(Saved entries)

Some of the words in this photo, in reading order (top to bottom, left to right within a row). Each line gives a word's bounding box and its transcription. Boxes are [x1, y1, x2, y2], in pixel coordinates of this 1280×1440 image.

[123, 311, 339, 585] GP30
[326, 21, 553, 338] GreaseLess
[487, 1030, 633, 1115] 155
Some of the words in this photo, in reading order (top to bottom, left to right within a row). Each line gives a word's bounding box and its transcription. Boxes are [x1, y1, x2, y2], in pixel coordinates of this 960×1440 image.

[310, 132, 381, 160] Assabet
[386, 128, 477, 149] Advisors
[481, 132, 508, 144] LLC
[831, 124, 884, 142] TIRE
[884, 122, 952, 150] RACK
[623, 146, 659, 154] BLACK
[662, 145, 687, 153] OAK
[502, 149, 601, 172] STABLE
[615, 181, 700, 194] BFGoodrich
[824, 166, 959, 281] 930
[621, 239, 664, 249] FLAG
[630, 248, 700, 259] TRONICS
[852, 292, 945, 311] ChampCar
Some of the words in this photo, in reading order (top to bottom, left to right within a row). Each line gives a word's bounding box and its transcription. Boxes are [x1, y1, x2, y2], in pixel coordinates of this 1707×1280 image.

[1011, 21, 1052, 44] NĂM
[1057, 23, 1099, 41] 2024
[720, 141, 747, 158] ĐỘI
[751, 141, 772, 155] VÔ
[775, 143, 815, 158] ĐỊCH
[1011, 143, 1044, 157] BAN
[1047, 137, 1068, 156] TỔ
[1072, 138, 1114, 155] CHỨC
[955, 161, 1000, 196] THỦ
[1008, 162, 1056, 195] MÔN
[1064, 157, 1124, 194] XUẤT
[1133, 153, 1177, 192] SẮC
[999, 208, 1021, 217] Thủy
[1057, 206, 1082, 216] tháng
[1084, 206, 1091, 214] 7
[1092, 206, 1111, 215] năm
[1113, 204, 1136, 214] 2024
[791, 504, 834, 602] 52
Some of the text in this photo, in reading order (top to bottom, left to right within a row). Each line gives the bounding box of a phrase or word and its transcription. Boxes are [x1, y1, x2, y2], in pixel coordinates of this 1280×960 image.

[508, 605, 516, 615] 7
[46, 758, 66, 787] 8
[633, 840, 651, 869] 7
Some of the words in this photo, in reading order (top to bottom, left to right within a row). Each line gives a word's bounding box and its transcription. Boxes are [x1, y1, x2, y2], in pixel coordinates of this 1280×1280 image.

**TASK INSTRUCTIONS**: The output is every entry, printed exactly as it reads.

**OUTPUT OF THE EXERCISE**:
Some of the words in this photo, in reading order (top to bottom, left to right within a row). Each line gives a word's bounding box and its transcription. Boxes are [x1, y1, x2, y2], in pixel coordinates of this 1280×1440 image.

[123, 311, 339, 585] GP30
[326, 21, 553, 338] GreaseLess
[487, 1030, 633, 1115] 155
Some of the words in this photo, in reading order (top to bottom, left to right within a row). Each line gives a word's bounding box and its transcription. Boxes are [x1, y1, x2, y2], in pixel coordinates of this 960×1440 image.

[310, 132, 381, 160] Assabet
[386, 128, 477, 149] Advisors
[481, 132, 508, 144] LLC
[831, 124, 884, 142] TIRE
[884, 122, 952, 150] RACK
[623, 146, 659, 154] BLACK
[662, 145, 687, 153] OAK
[502, 149, 601, 172] STABLE
[615, 181, 700, 194] BFGoodrich
[824, 166, 959, 281] 930
[621, 239, 664, 249] FLAG
[630, 248, 700, 259] TRONICS
[852, 292, 945, 311] ChampCar
Some of the words in this photo, in reading order (top to bottom, left to right within a row). Each line gives a word's bounding box and its transcription. Boxes are [x1, y1, x2, y2], in pixel coordinates of this 1707×1280 image.

[1011, 21, 1052, 44] NĂM
[1057, 23, 1099, 41] 2024
[720, 141, 747, 158] ĐỘI
[751, 141, 772, 155] VÔ
[775, 143, 815, 158] ĐỊCH
[1011, 143, 1044, 157] BAN
[1047, 137, 1068, 156] TỔ
[1072, 138, 1114, 155] CHỨC
[955, 161, 1000, 196] THỦ
[1008, 162, 1056, 195] MÔN
[1064, 157, 1124, 194] XUẤT
[1133, 153, 1177, 192] SẮC
[999, 208, 1021, 217] Thủy
[1057, 206, 1082, 216] tháng
[1084, 206, 1091, 214] 7
[1092, 206, 1111, 215] năm
[1113, 204, 1136, 214] 2024
[791, 504, 834, 602] 52
Some of the text in this photo, in reading order (top to bottom, left to right within a row). Each line gives the bounding box of a phrase or word and its transcription. Boxes are [x1, y1, x2, y2], in pixel coordinates of this 1280×960 image.

[508, 605, 516, 615] 7
[46, 758, 66, 787] 8
[633, 840, 651, 869] 7
Some of the words in this photo, in reading order (top to bottom, left to right within a row). Each line gives a word's bounding box and its transcription. Boxes are [x1, y1, x2, y2], in pixel coordinates of this 1280×1280 image.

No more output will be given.